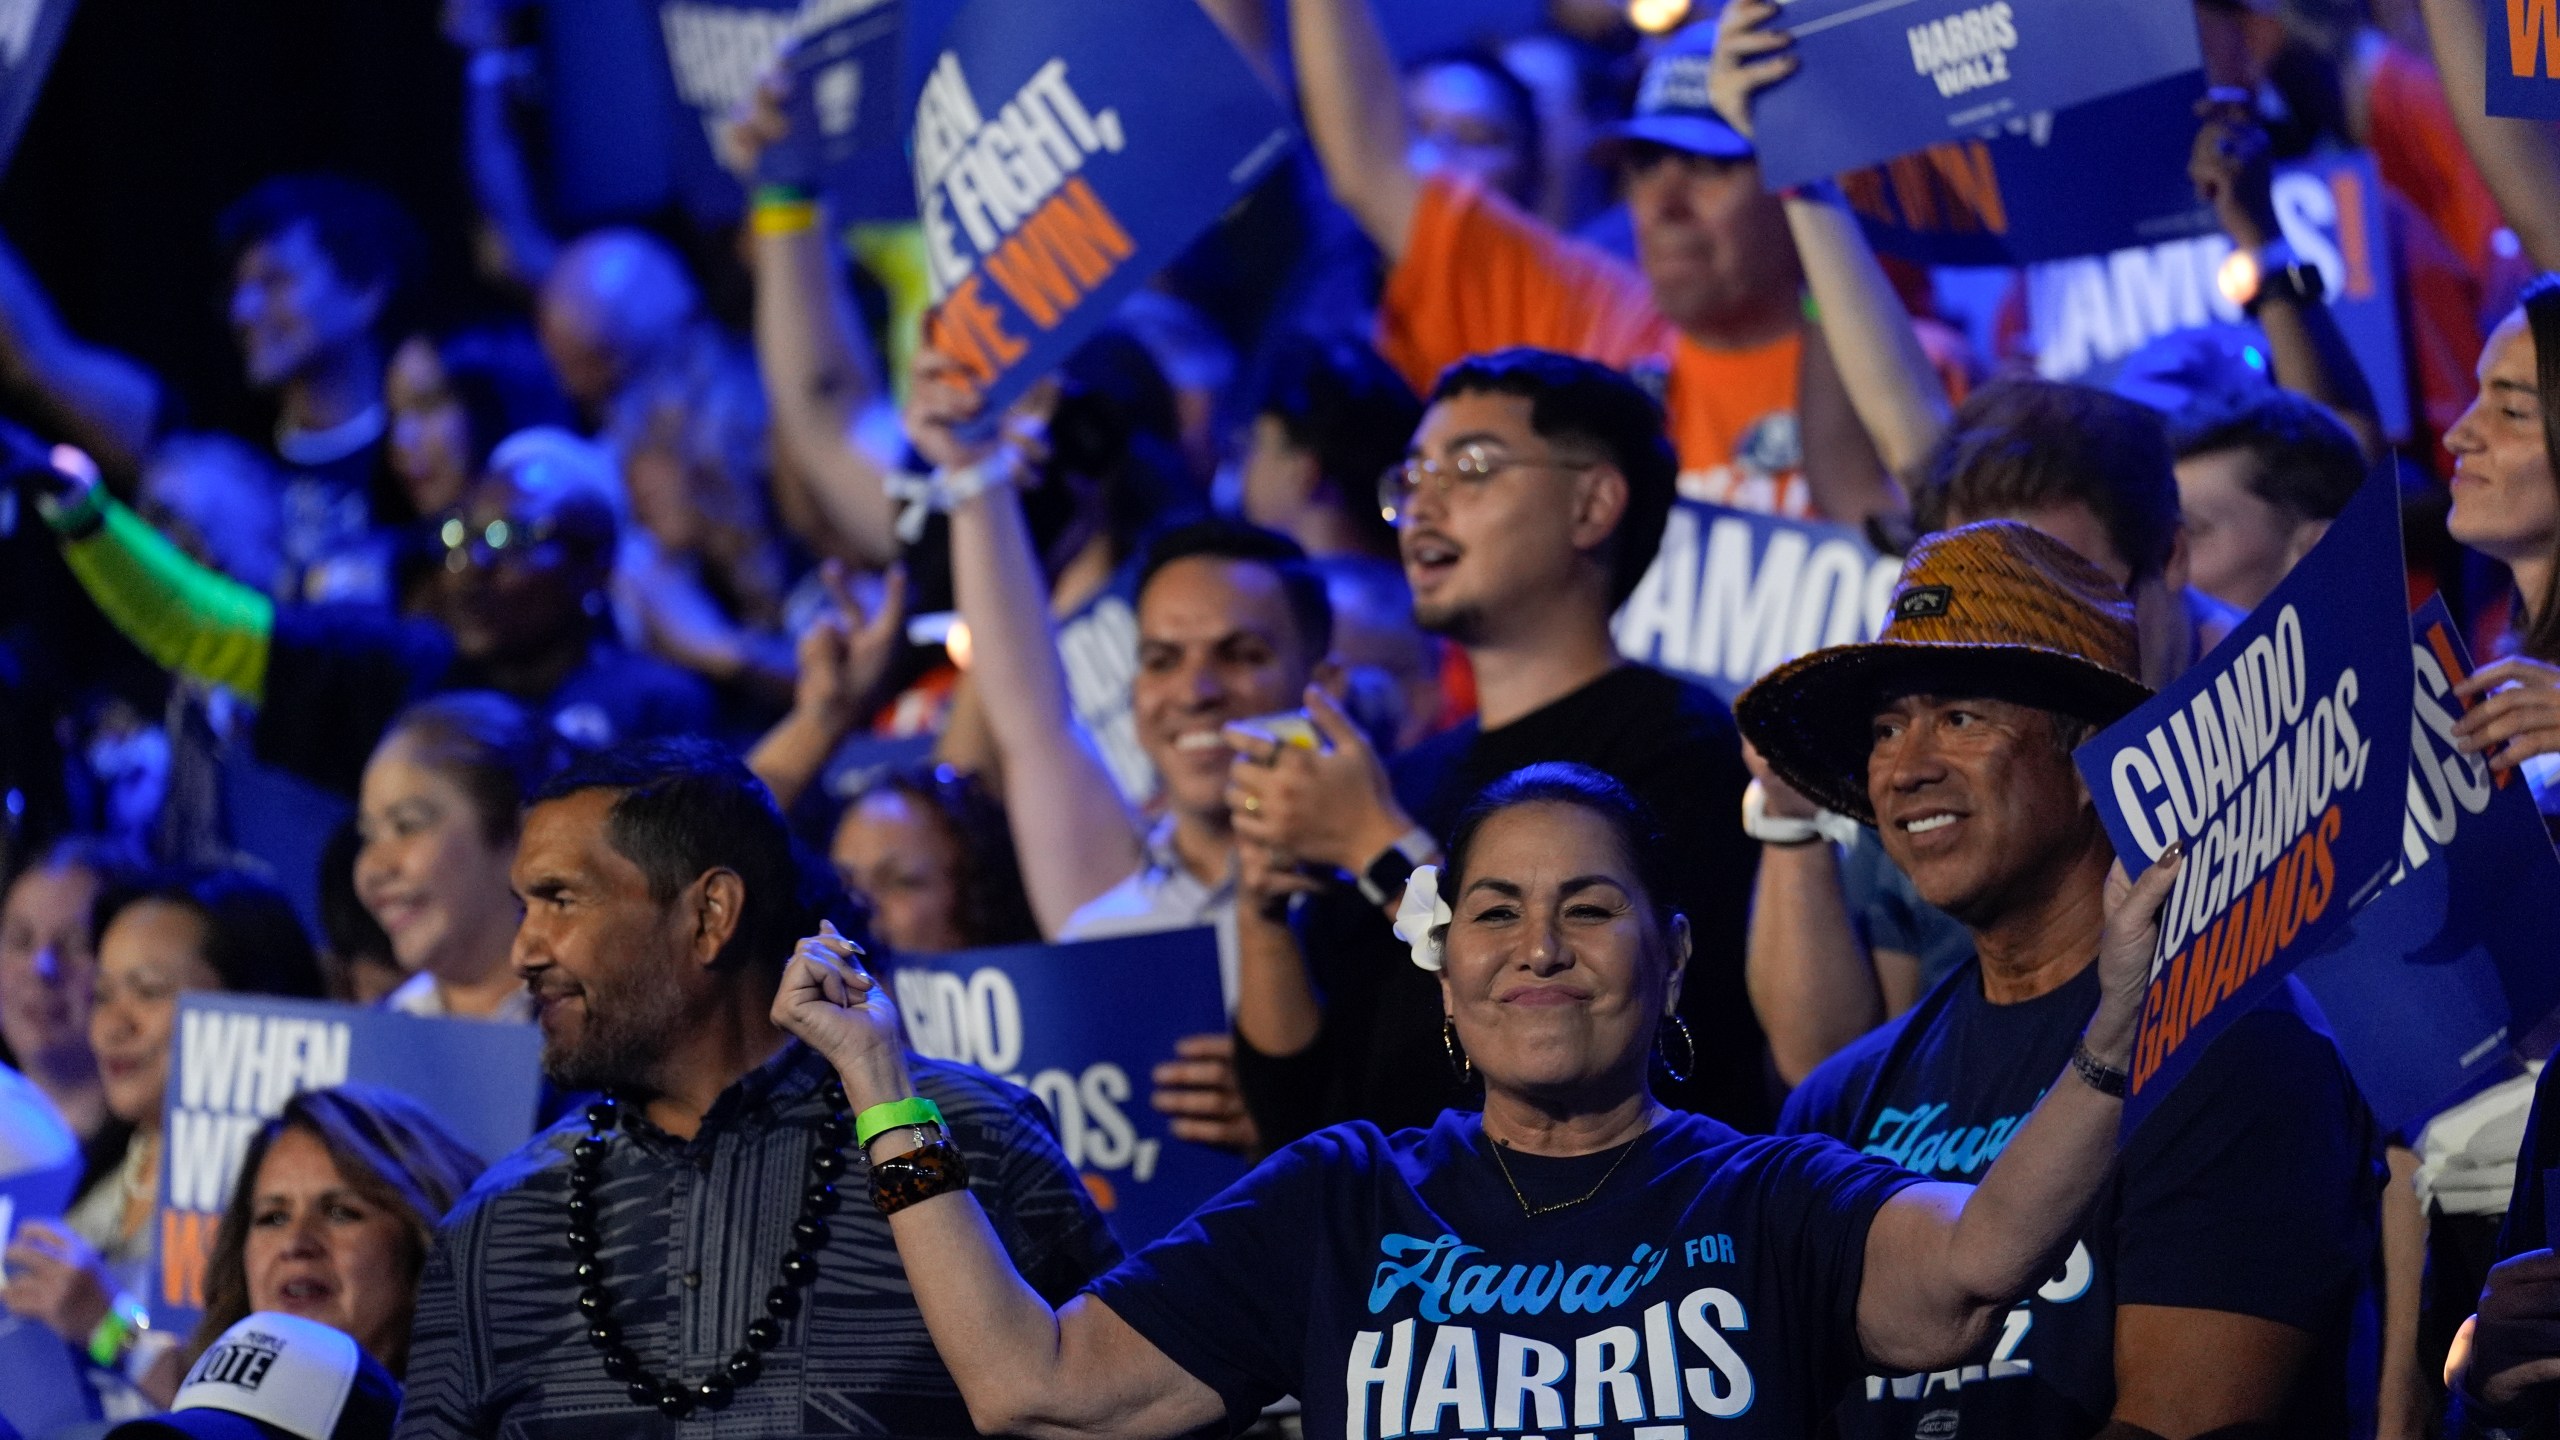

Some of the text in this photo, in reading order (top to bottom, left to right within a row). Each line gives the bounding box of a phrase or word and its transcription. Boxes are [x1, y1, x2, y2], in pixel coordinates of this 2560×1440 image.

[1906, 2, 2018, 76] HARRIS
[1932, 49, 2011, 98] WALZ
[945, 56, 1127, 256] FIGHT,
[983, 175, 1138, 331] WIN
[2112, 603, 2306, 864] CUANDO
[2390, 621, 2512, 886] OS!
[2132, 805, 2341, 1097] GANAMOS
[180, 1009, 350, 1117] WHEN
[1008, 1062, 1160, 1183] OS,
[1685, 1233, 1736, 1268] FOR
[1346, 1287, 1755, 1440] HARRIS
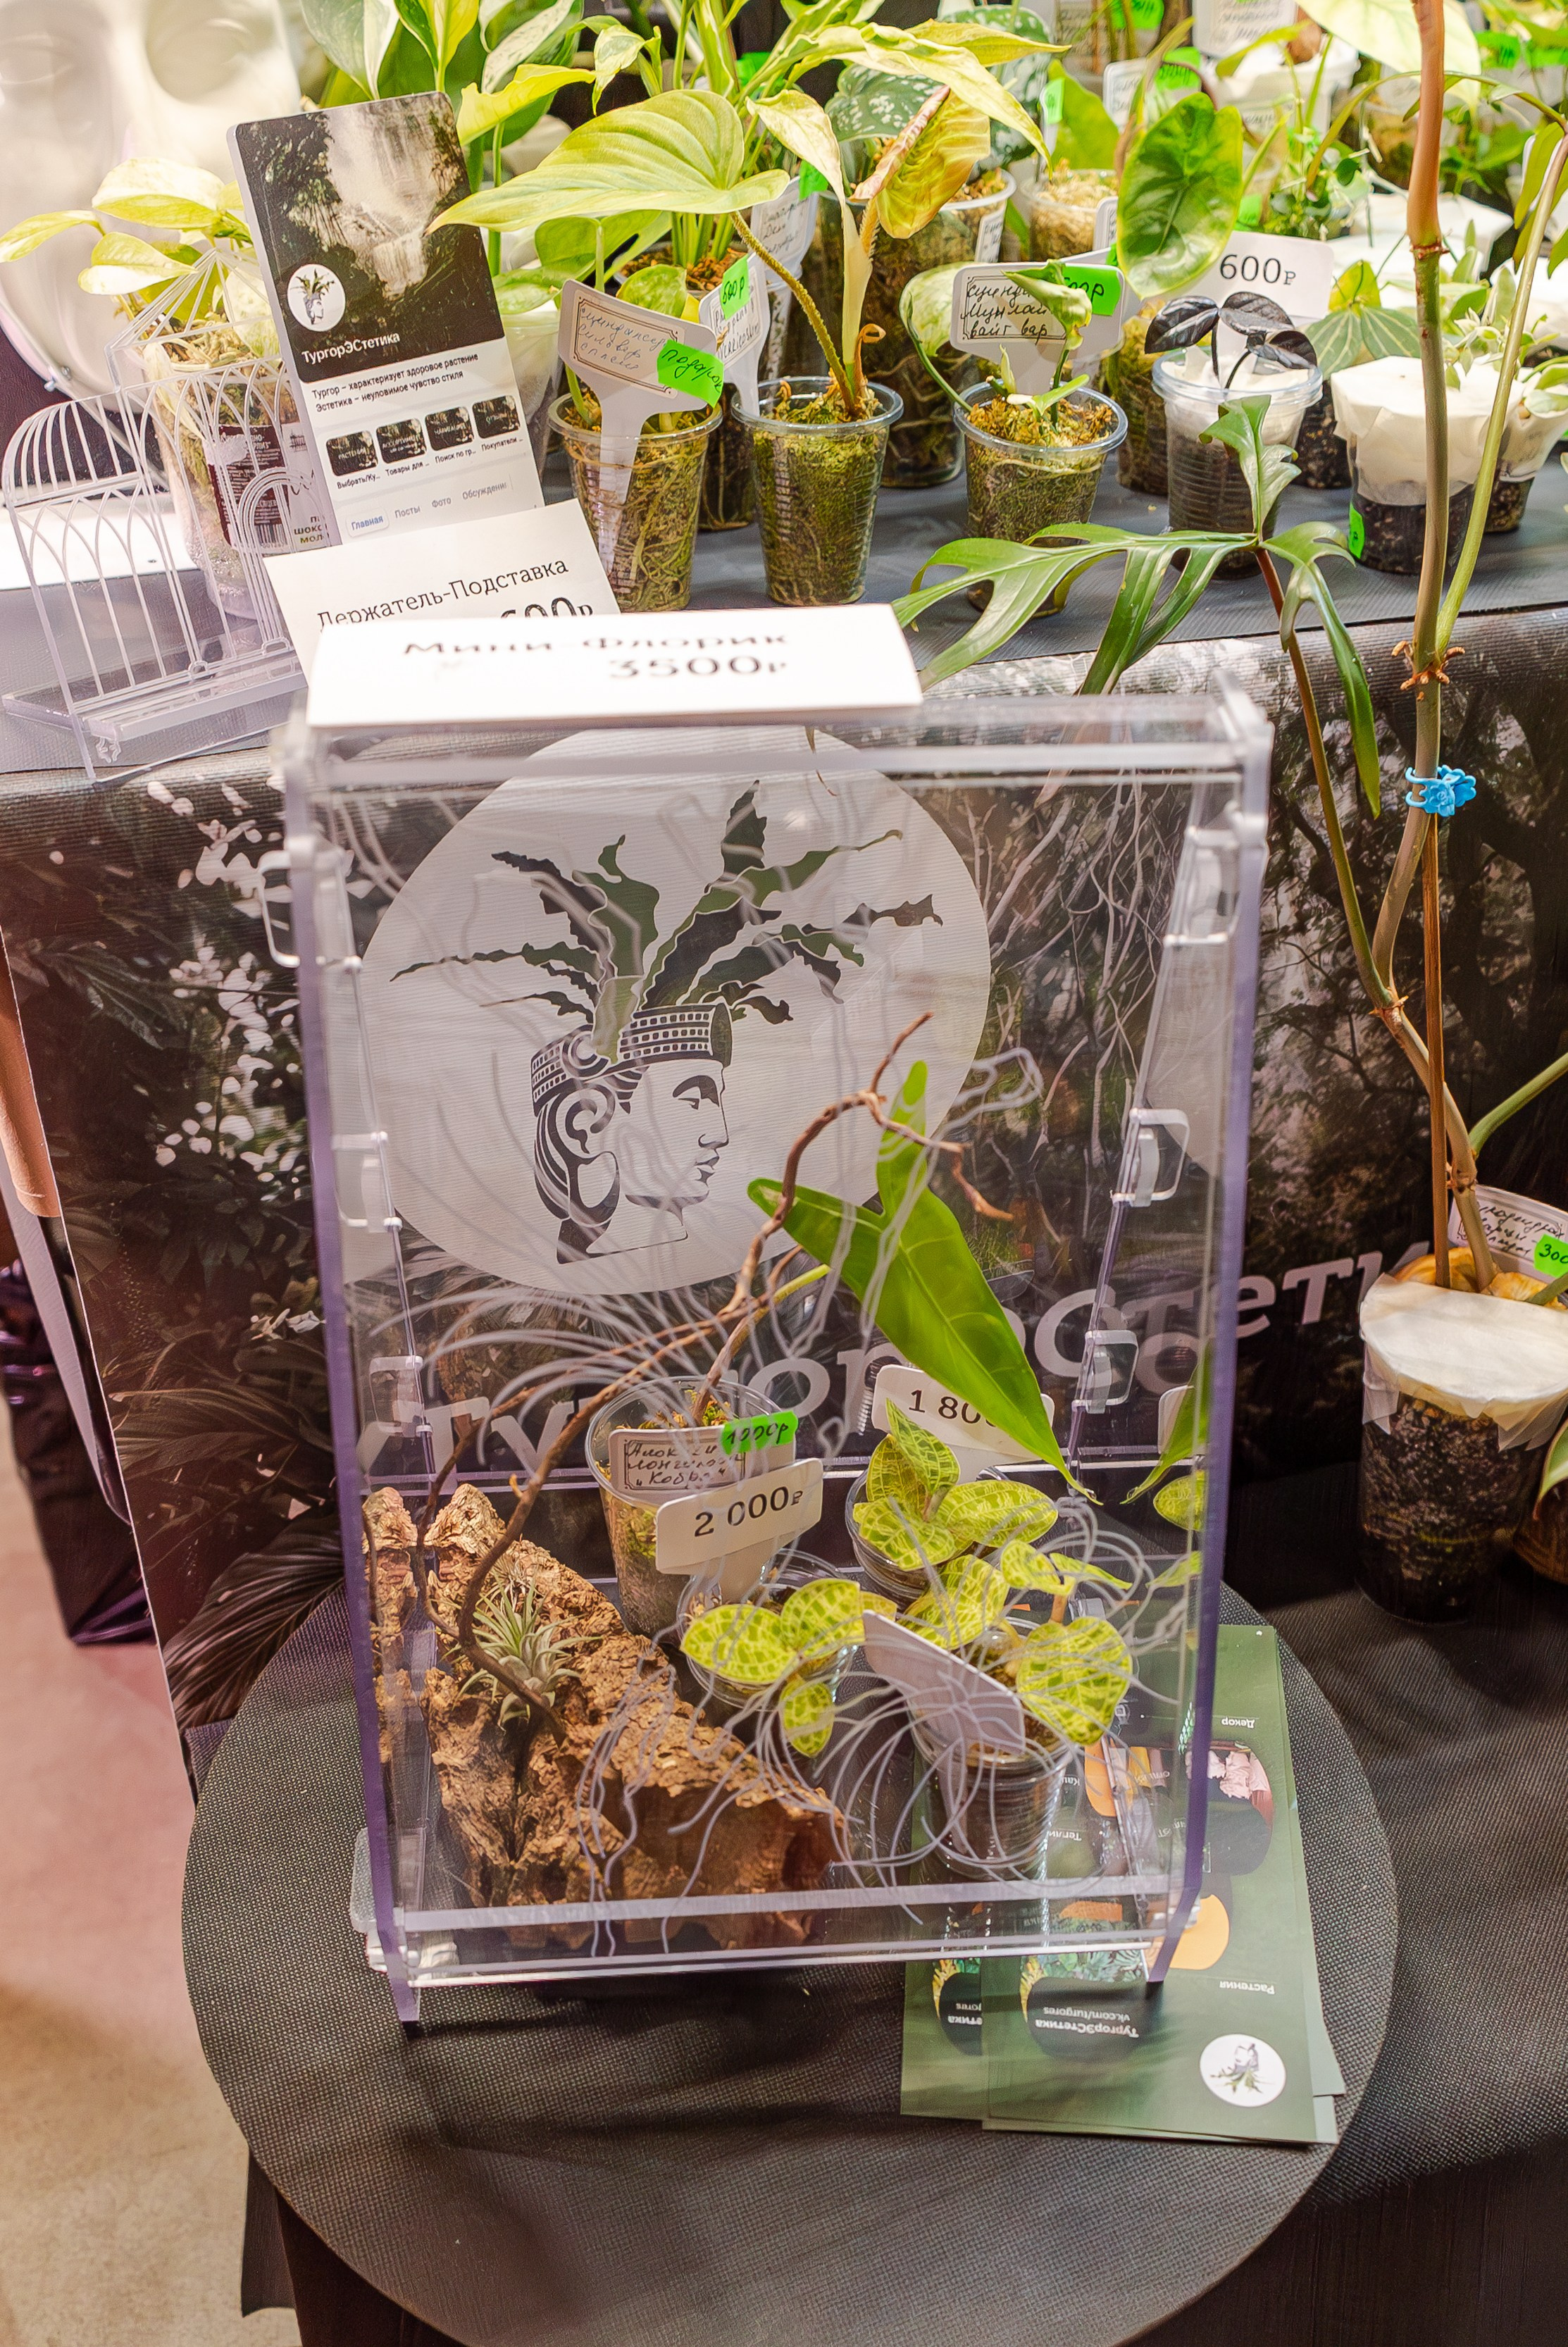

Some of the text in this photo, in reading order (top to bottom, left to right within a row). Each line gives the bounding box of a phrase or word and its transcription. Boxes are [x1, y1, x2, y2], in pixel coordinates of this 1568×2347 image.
-=-=-=-=-
INSTRUCTIONS FOR THE TASK. When copying the material, leave every image behind and keep each line verbatim.

YOUR SOLUTION.
Some of the text in this photo, in reading order (top to bottom, left to right within a row). Each line gives the bounding box of a phrase or word and its transcription. Boxes are [x1, y1, x2, y2], in pixel coordinates of this 2560×1440 image.

[1906, 2, 2018, 76] HARRIS
[1932, 49, 2011, 98] WALZ
[945, 56, 1127, 256] FIGHT,
[983, 175, 1138, 331] WIN
[2112, 603, 2306, 864] CUANDO
[2390, 621, 2512, 886] OS!
[2132, 805, 2341, 1097] GANAMOS
[180, 1009, 350, 1117] WHEN
[1008, 1062, 1160, 1183] OS,
[1685, 1233, 1736, 1268] FOR
[1346, 1287, 1755, 1440] HARRIS

Some of the text in this photo, in reading order (top to bottom, left to right within a row). Each line gives the bounding box of a phrase or word and its transcription. Boxes are [x1, y1, x2, y2], in pixel coordinates of this 1568×2347 image.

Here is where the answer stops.